> [Description of the task]:
All records should be written out again exactly.

> [Dataset items]:
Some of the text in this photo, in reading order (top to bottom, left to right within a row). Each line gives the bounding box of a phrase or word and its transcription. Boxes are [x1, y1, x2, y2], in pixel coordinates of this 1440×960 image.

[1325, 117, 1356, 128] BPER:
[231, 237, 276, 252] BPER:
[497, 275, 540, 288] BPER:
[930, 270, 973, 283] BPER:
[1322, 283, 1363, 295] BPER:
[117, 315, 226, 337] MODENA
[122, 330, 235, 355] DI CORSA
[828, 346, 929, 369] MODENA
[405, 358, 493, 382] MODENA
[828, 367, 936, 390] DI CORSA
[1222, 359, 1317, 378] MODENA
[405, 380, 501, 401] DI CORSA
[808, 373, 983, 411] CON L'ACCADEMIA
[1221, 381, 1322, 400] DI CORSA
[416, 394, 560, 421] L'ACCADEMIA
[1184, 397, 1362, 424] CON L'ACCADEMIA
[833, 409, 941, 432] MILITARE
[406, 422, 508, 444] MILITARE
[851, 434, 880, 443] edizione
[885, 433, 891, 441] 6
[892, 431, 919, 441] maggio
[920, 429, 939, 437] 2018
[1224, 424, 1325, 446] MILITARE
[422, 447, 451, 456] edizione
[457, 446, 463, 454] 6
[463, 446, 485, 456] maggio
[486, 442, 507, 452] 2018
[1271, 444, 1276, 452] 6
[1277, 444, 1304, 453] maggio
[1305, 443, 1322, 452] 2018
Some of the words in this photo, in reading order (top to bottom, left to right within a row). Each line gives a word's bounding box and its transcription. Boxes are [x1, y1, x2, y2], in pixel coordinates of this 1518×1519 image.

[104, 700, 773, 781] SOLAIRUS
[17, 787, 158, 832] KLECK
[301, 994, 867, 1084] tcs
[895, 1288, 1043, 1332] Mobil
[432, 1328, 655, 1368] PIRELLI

> [Response area]:
Some of the text in this photo, in reading order (top to bottom, left to right within a row). Each line gives the bounding box of a phrase or word and its transcription. Boxes are [x1, y1, x2, y2], in pixel coordinates of this 1440×960 image.

[1325, 117, 1356, 128] BPER:
[231, 237, 276, 252] BPER:
[497, 275, 540, 288] BPER:
[930, 270, 973, 283] BPER:
[1322, 283, 1363, 295] BPER:
[117, 315, 226, 337] MODENA
[122, 330, 235, 355] DI CORSA
[828, 346, 929, 369] MODENA
[405, 358, 493, 382] MODENA
[828, 367, 936, 390] DI CORSA
[1222, 359, 1317, 378] MODENA
[405, 380, 501, 401] DI CORSA
[808, 373, 983, 411] CON L'ACCADEMIA
[1221, 381, 1322, 400] DI CORSA
[416, 394, 560, 421] L'ACCADEMIA
[1184, 397, 1362, 424] CON L'ACCADEMIA
[833, 409, 941, 432] MILITARE
[406, 422, 508, 444] MILITARE
[851, 434, 880, 443] edizione
[885, 433, 891, 441] 6
[892, 431, 919, 441] maggio
[920, 429, 939, 437] 2018
[1224, 424, 1325, 446] MILITARE
[422, 447, 451, 456] edizione
[457, 446, 463, 454] 6
[463, 446, 485, 456] maggio
[486, 442, 507, 452] 2018
[1271, 444, 1276, 452] 6
[1277, 444, 1304, 453] maggio
[1305, 443, 1322, 452] 2018
Some of the words in this photo, in reading order (top to bottom, left to right within a row). Each line gives a word's bounding box and its transcription. Boxes are [x1, y1, x2, y2], in pixel coordinates of this 1518×1519 image.

[104, 700, 773, 781] SOLAIRUS
[17, 787, 158, 832] KLECK
[301, 994, 867, 1084] tcs
[895, 1288, 1043, 1332] Mobil
[432, 1328, 655, 1368] PIRELLI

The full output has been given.